İç yüzünü kavramana imkan olmayan birşeye nasıl sabredebilirsin ki?
“İç yüzünü kavramana imkan olmayan tecrübe alanı içine girmeyen bir şeye, nasıl dayanabilirsin ki?”
“İç yüzünü bilmediğin, hakikatini kavrayamadığın bir şeye nasıl sabredersin?” dedi.
Özünü etraflıca kavrayamadığın bir şeye nasıl sabredebilirsin?"
(Böyleyken) 'Özünü kavramaya kuşatıcı olamadığın şeye nasıl sabredebilirsin?'
İç yüzünü bilmediğin şeye nasıl sabredeceksin?
“Bilgisini elde edemediğin bir şeye karşı nasıl sabredeceksin?” dedi.
“Hakkında hiçbir bilgin olmayan şeylere sen nasıl sabredeceksin?” dedi.
İç yüzünü bilmediğin bir şeye nice susabilirsin?»
67-68. (Kul,) şöyle dedi: “Doğrusu sen benimle beraberliğe asla sabredemezsin. İç yüzünü kavrayamayacağın bir bilgiye nasıl sabredebilirsin ki?”
67,68. O: "Sen doğrusu benim yaptıklarıma dayanamazsın, bilgice kavrayamadığın bir şeye nasıl dayanabilirsin?" dedi.
“İç yüzünü kavrayamadığın bir şeye nasıl sabredebilirsin?”
(İç yüzünü) kavrayamadığın bir bilgiye nasıl sabredersin?
"Bilmediğin bir şeye nasıl dayanabilirsin?"
"İçyüzünü kavrayamadığın şeye nasıl sabredeceksin?"
Havsalanın almadığı şey'e nasıl sabredeceksin?
Haberdar edilerek iç yüzünü kavrayamadığın şeye nasıl sabredebilirsin?
«(İç yüzünü) kavrayamadığın bir bilgiye nasıl sabr edersin?» dedi.
“Hem içyüzünü kavrayamadığın (ve zâhiren yanlış anlaşılan) bir şeye (bir peygamber olarak) nasıl sabredeceksin?” (dedi).
Sonra (neden olduğunu) kavrayamadığın bir olaya nasıl sabredebilirsin ki?” dedi.
67, 68. O, dedi ki benimle bulunmaya sabır edemezsin, ilminin, iç yüzünü kavrayamadığı bir şeye nasıl sabredersin?
(Böyleyken) “İlim açısından ihata edemediğin bir şey hakkında nasıl sabredebilirsin?”
“Öyle ya, iç yüzünü bilemediğin ve daha önce öğrendiğin dînî hükümlere ters gibi görünen şeyler karşısında nasıl sabredebilirsin ki?”
(Devamla): “(Sırrını) kavrayamayaca-ğın bir bilgiye nasıl dayanacaksın?” (dedi.)
“çünkü tecrübe alanı içinde kavrayamayacağın şeye nasıl katlanabilirsin ki?” 74
– İç yüzünü bilmediğin şeylere nasıl katlanabilirsin ki? Dedi. 2/216
“Kaldı ki sen, tecrübî bilgi kapsamına tümüyle girmeyen şeye nasıl (ve neden) katlanasın ki?”

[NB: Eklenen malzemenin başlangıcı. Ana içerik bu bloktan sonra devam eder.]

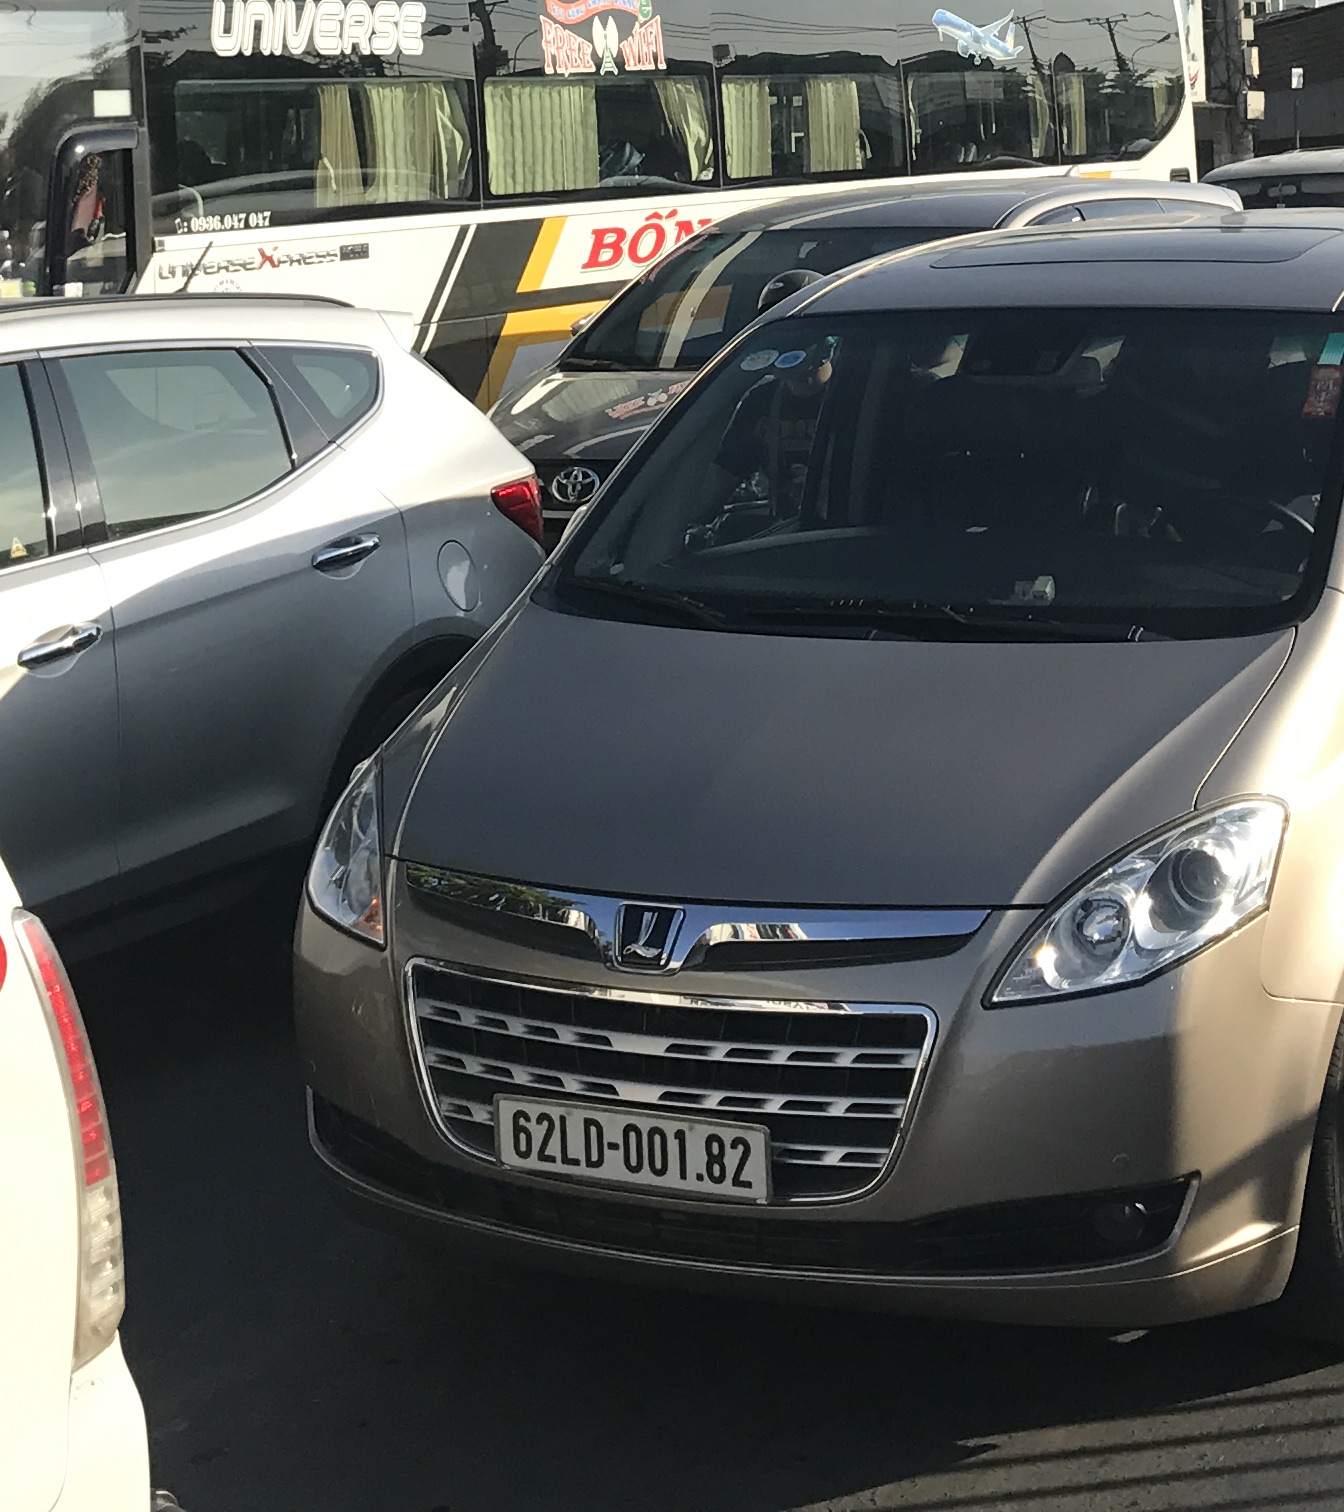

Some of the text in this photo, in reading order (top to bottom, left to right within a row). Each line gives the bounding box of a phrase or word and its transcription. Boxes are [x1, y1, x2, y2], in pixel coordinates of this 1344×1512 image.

[540, 15, 667, 77] FREE WIFI
[248, 211, 272, 228] 047
[511, 1109, 753, 1189] 62LD-001.82

«Ve hakikatından tama men haberdar olmadığın bir şeye karşı nasıl sabredebilirsin?»
67, 68. “Doğrusu” dedi, “sen benimle beraberliğe sabredemezsin. Bütün yönleriyle kavrayamadığın meseleler karşısında nasıl kendini tutabilirsin ki? ”
Sana bildirilmeyen bir şeye nasıl dayanabilirsin?
“İç yüzünü bilmediğin bir şeye nasıl dayanacaksın?"
Gerçek yönünü bilmediğin bir şeye nasıl sabredebilirsin?
“İçyüzünden haberdar olmadığın birşeye nasıl sabredebilirsin ki?”
"Havsalanın almadığı bir şeye nasıl dayanacaksın?"
“daħı nite ķatlanasın anuñ üzere kim ķaplamaduñ anı śınamaķdın yaña!”
Axı sən bilmədiyin (batininə, mahiyyətinə bələd olmadığın) bir şeyə necə dözə bilərsən?
How canst thou bear with that whereof thou canst not compass any knowledge?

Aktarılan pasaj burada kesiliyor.